COVID-19 protocols ‘critical to being safe’
NAH’s Flo Spyrow says spike in positive tests not evident in hospital admissions

Florence L. Spyrow

Florence L. Spyrow

COTTONWOOD — Arizona needed 64 days to record its first 1,000 COVID-19 cases. The first two days of June saw 2,100 new COVID-19 cases in Arizona.

Although numbers do not lie, the chief executive officer of Northern Arizona Healthcare said Thursday that the “most critical number is the number of patients ending up in the hospital.”

In conversations she’s had with hospital leaders across the state, NAH CEO Flo Spyrow said the recent spike in COVID-19 cases “doesn’t correlate with the severity rate of those needing hospital care.”

Despite the high statewide numbers, Spyrow said she “would never guess or tell the governor what to do.”

“I don’t question Gov. Ducey’s decision,” she said. “There are a number of factors that create healthy communities. One is a robust economy. Stay-at-home orders dramatically affected that. We need vibrant, robust economies to help our communities.”

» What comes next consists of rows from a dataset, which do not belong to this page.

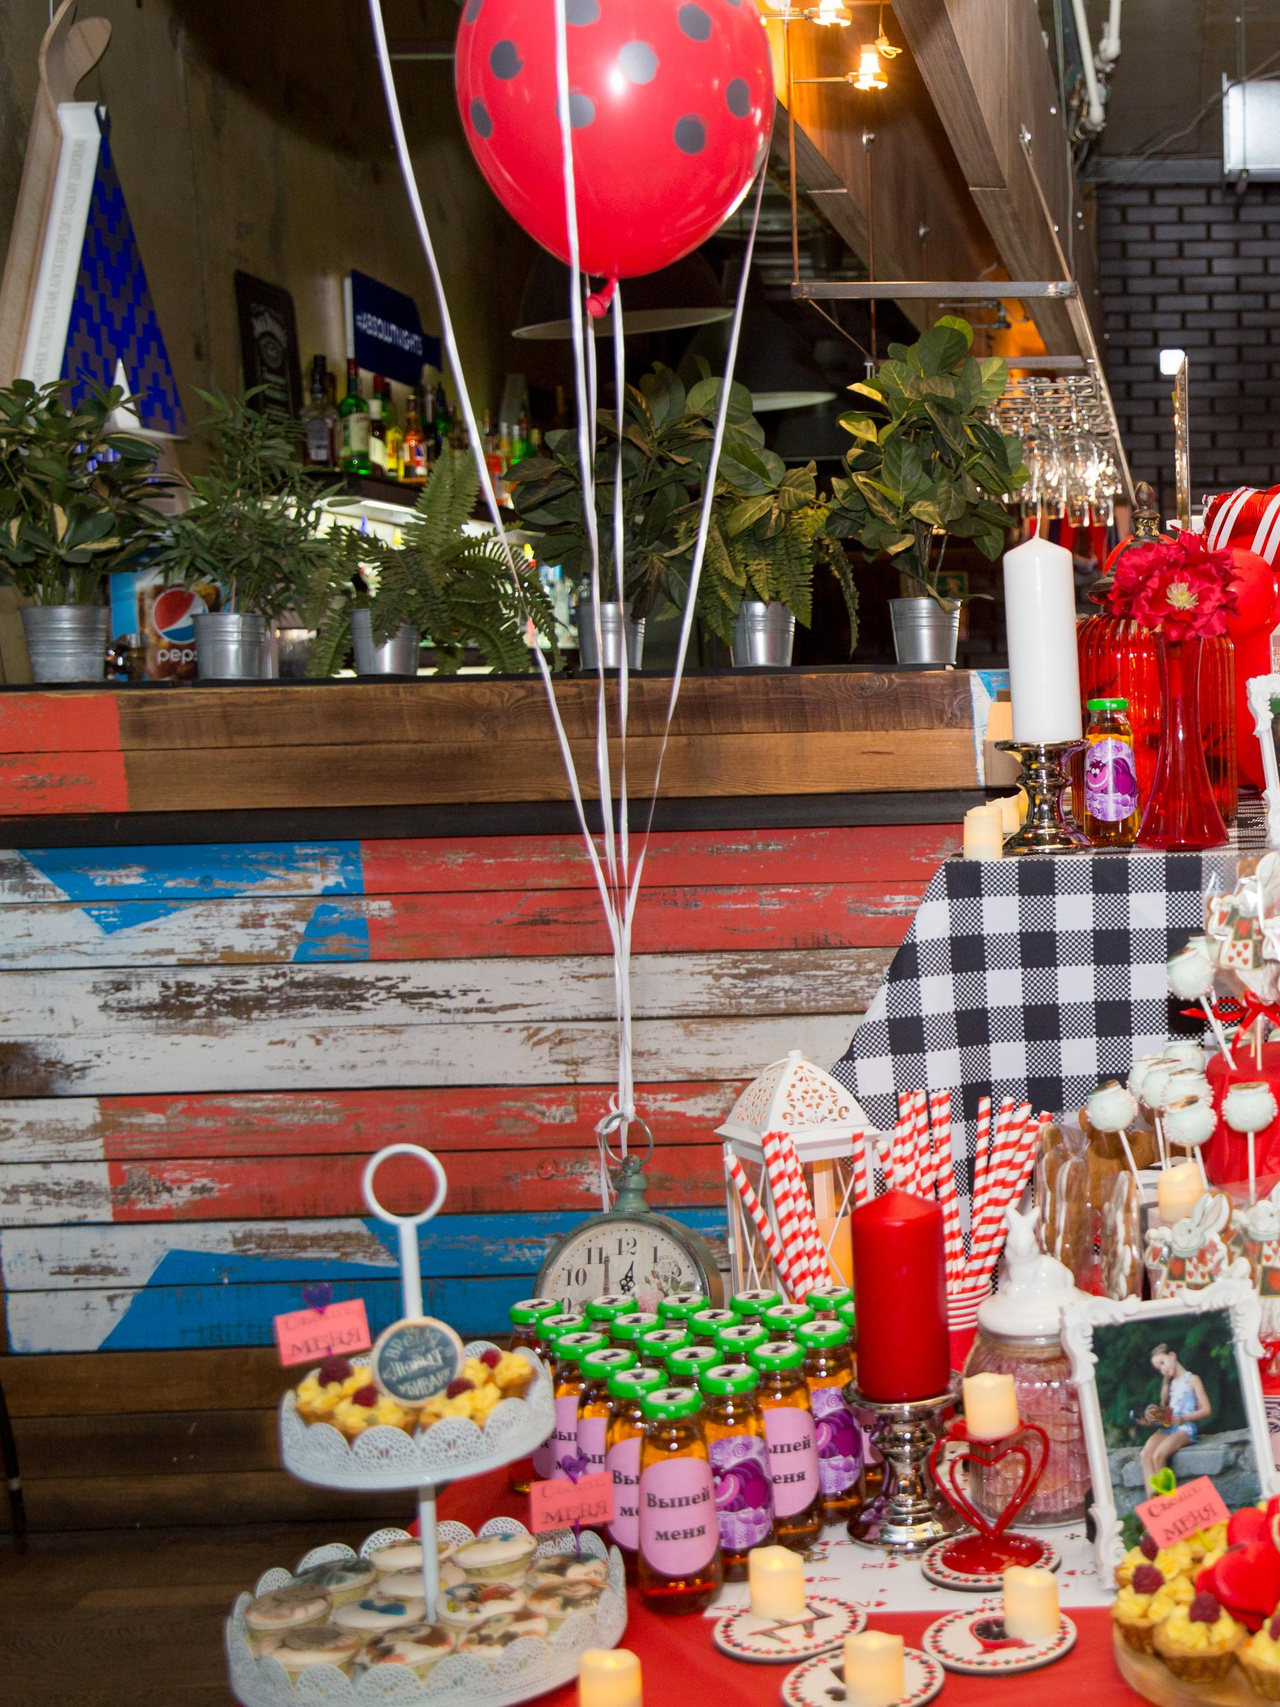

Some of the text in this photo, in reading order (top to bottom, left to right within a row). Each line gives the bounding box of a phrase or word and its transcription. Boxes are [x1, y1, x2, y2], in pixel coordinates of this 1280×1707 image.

[585, 1246, 604, 1264] 11
[617, 1237, 637, 1256] 12
[565, 1267, 587, 1286] 10
[646, 1486, 711, 1509] Выпей
[655, 1525, 706, 1541] меня

Spyrow added that reinforcing social distancing and other protocols is “critical to being safe.”

Should businesses have the right to say ‘no mask, no service’? Spyrow said “absolutely.”

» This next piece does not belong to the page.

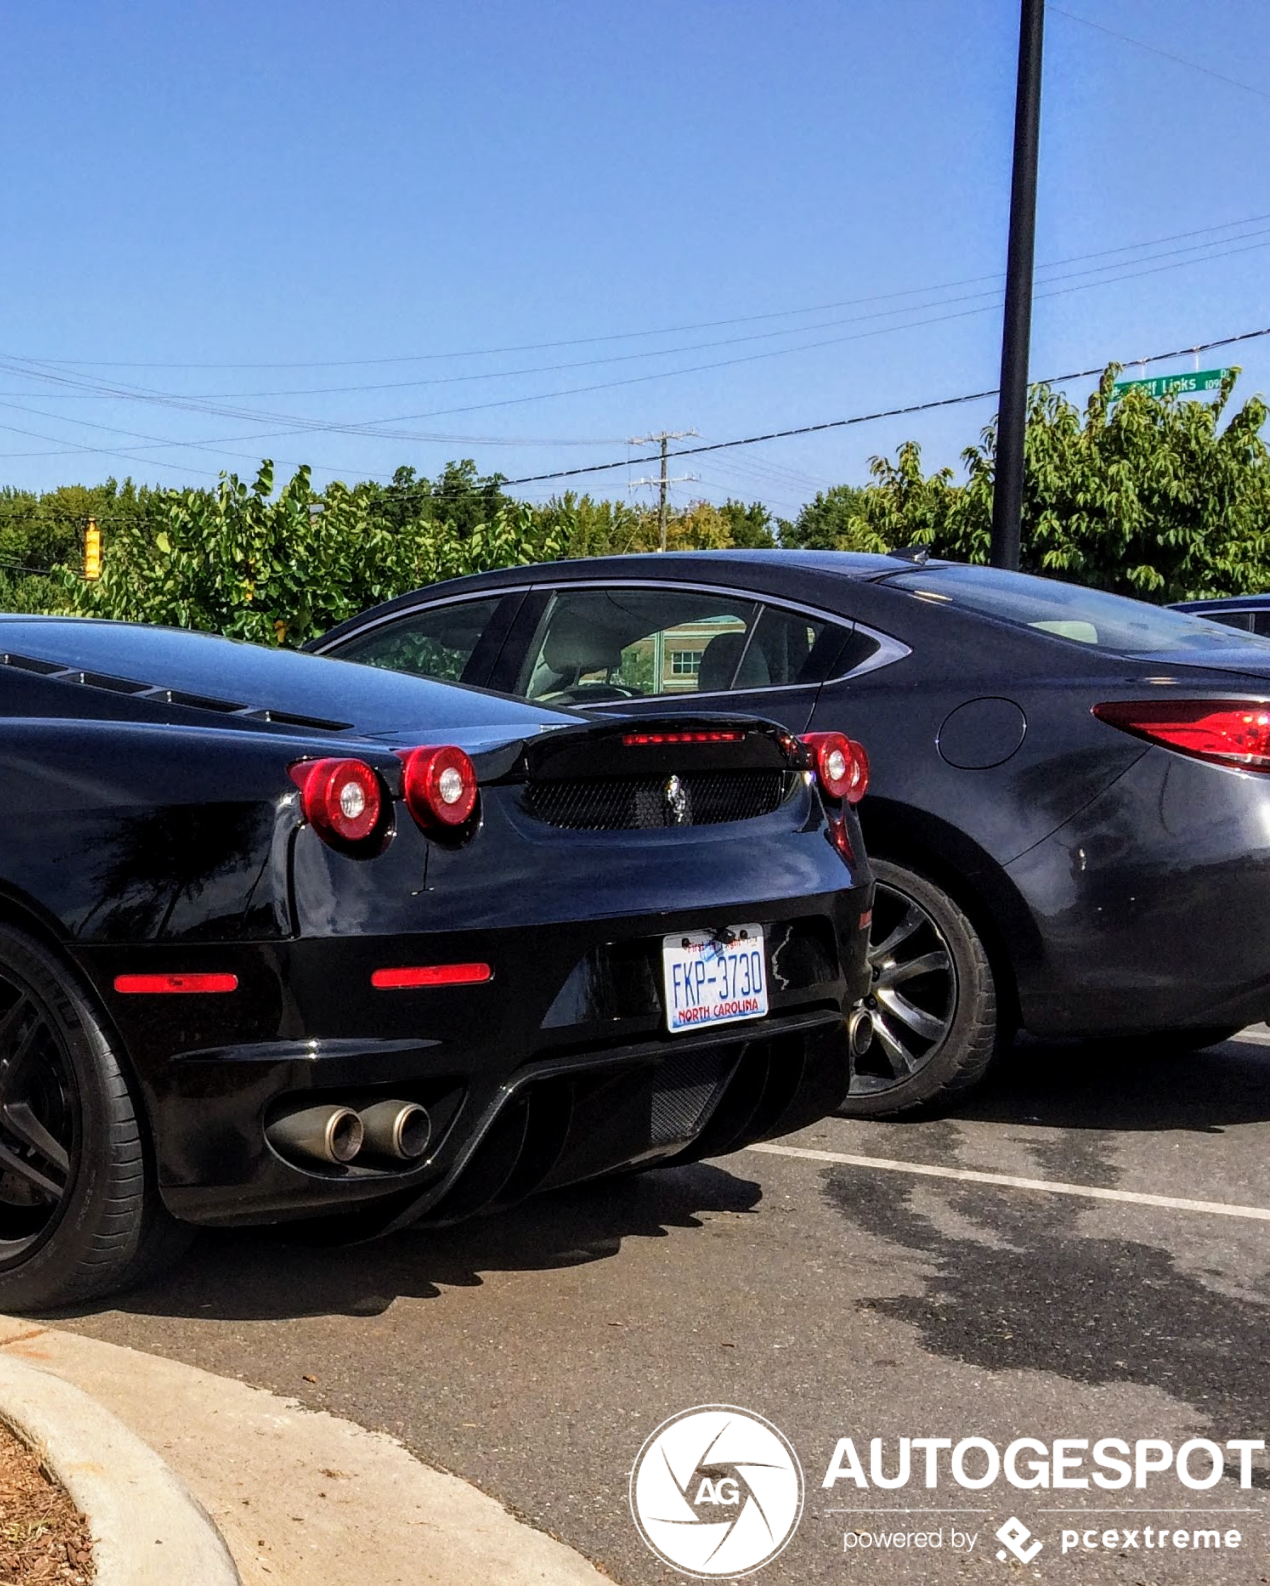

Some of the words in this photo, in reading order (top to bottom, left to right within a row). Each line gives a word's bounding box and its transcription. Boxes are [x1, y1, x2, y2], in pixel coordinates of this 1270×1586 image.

[1162, 377, 1197, 393] Links
[673, 951, 763, 1009] FKP-3730
[678, 1006, 710, 1023] NORTH
[713, 998, 758, 1017] CAROLINA

As of Thursday, June 4, Verde Valley Medical Center had 47 patients, with no patients positive for COVID-19 and eight waiting for their test results, according to Ron Haase, chief administrative officer for Verde Valley Medical Center.

“We’ve held fairly steady the past several weeks,” Haase said. “But we’re holding our breath, as the rest of the nation is.”

Not only is VVMC “a bit below where we might normally be” as far as patients, its COVID-19 positive patients since March 1 has represented a “very, very low number,” Haase said.